Court’s Analysis and Holding
The Court of Appeals affirmed, applying correctness review to the interpretation of procedural rules. The court held that requiring disclosure of witness identities does not violate the Fifth Amendment privilege against self-incrimination because the privilege protects persons, not information, and only covers testimonial communications. The court distinguished witness lists from compelled testimony about criminal activity.
Regarding due process, the court found no violation because discovery was reciprocal—defendant had requested similar witness information from the prosecution. The court also determined that any work-product privilege was waived since the prosecution already knew about the key defense witness through independent contact.
Practice Implications
This decision establishes that Rule 16(c) permits prosecutorial discovery when the prosecution demonstrates materiality and reciprocal obligations exist. Defense attorneys should make specific, factually-supported privilege objections rather than general challenges. The ruling also emphasizes that privileges can be waived through independent prosecution knowledge of defense strategies.
Case Details
Case Name
State v.
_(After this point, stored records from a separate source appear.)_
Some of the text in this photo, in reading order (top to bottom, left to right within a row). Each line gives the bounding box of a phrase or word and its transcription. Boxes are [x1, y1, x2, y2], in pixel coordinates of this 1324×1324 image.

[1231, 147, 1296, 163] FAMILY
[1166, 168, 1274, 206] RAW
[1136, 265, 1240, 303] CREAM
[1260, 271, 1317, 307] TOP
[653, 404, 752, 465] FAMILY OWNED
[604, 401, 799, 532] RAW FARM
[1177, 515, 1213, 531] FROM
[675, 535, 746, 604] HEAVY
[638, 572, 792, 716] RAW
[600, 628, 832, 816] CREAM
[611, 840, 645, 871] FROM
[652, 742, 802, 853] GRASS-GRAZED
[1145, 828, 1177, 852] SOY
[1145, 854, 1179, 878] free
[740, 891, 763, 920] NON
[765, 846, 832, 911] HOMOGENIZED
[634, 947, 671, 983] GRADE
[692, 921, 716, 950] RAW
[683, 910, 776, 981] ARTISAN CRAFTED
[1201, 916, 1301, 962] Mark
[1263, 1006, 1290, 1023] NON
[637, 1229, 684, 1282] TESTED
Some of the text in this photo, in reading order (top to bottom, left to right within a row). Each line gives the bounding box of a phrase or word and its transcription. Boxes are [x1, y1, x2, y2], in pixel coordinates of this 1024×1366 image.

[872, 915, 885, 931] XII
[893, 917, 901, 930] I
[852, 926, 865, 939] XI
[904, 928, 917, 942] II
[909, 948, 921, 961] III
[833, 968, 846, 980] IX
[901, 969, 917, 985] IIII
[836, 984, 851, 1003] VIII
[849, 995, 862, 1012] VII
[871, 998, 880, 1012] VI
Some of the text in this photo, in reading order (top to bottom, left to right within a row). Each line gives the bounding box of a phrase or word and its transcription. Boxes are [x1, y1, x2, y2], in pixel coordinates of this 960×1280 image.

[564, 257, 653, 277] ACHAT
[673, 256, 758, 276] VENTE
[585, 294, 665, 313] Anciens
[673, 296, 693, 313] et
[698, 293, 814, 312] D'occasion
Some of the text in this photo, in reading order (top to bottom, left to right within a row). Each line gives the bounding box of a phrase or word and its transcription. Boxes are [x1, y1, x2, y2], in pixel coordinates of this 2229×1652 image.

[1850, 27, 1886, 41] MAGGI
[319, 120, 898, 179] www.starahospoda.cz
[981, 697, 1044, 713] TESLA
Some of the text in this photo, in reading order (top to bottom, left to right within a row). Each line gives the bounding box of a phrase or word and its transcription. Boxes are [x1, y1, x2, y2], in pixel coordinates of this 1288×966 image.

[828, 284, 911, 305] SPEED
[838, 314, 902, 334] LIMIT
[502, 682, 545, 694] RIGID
McNearney
Citation
2005 UT App 133
Court
Utah Court of Appeals
Case Number
No. 20030548-CA
Date Decided
March 17, 2005
Outcome
Affirmed
Holding
A trial court’s order requiring disclosure of defense witness identities under Rule 16(c) does not violate constitutional protections against self-incrimination, due process, or attorney work product when the prosecution demonstrates materiality and reciprocal discovery obligations are met.
Standard of Review
Correctness for interpretation of procedural rules; broad discretion for granting or denying discovery
Practice Tip
When facing prosecutorial discovery motions under Rule 16(c), assert specific constitutional and privilege objections with factual support rather than general objections to preserve appellate review.